Task requirements: The records must be duplicated exactly, with every picture left out.
=======
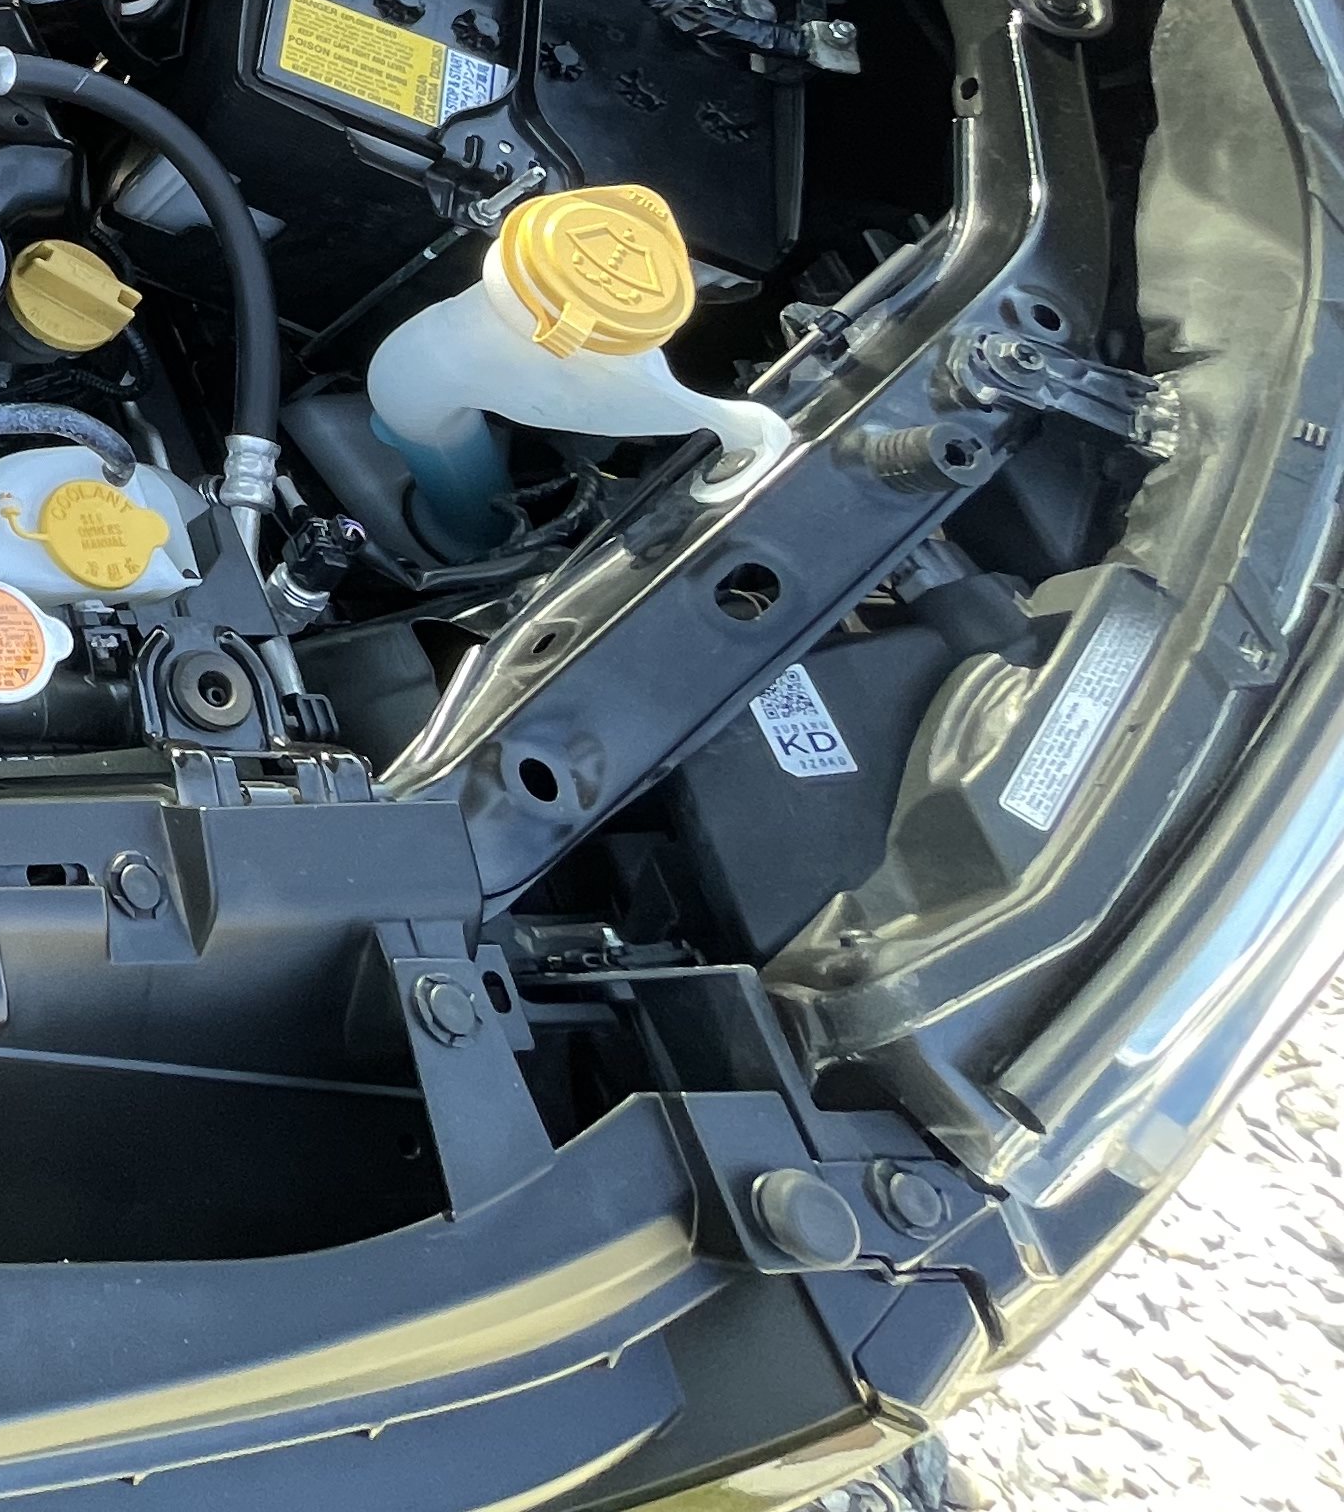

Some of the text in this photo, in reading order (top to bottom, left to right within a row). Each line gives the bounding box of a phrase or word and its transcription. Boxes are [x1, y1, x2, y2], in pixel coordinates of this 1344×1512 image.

[288, 34, 330, 56] POISON
[315, 34, 332, 45] VENT
[333, 40, 351, 52] CAPS
[449, 52, 462, 79] START
[446, 86, 457, 109] STOP
[50, 484, 133, 521] COOLANT
[772, 720, 830, 734] SUBARU
[776, 731, 838, 756] KD
=======
Answer space:
Some of the text in this photo, in reading order (top to bottom, left to right within a row). Each line gives the bounding box of a phrase or word and its transcription. Boxes are [x1, y1, x2, y2], in pixel coordinates of this 1344×1512 image.

[288, 34, 330, 56] POISON
[315, 34, 332, 45] VENT
[333, 40, 351, 52] CAPS
[449, 52, 462, 79] START
[446, 86, 457, 109] STOP
[50, 484, 133, 521] COOLANT
[772, 720, 830, 734] SUBARU
[776, 731, 838, 756] KD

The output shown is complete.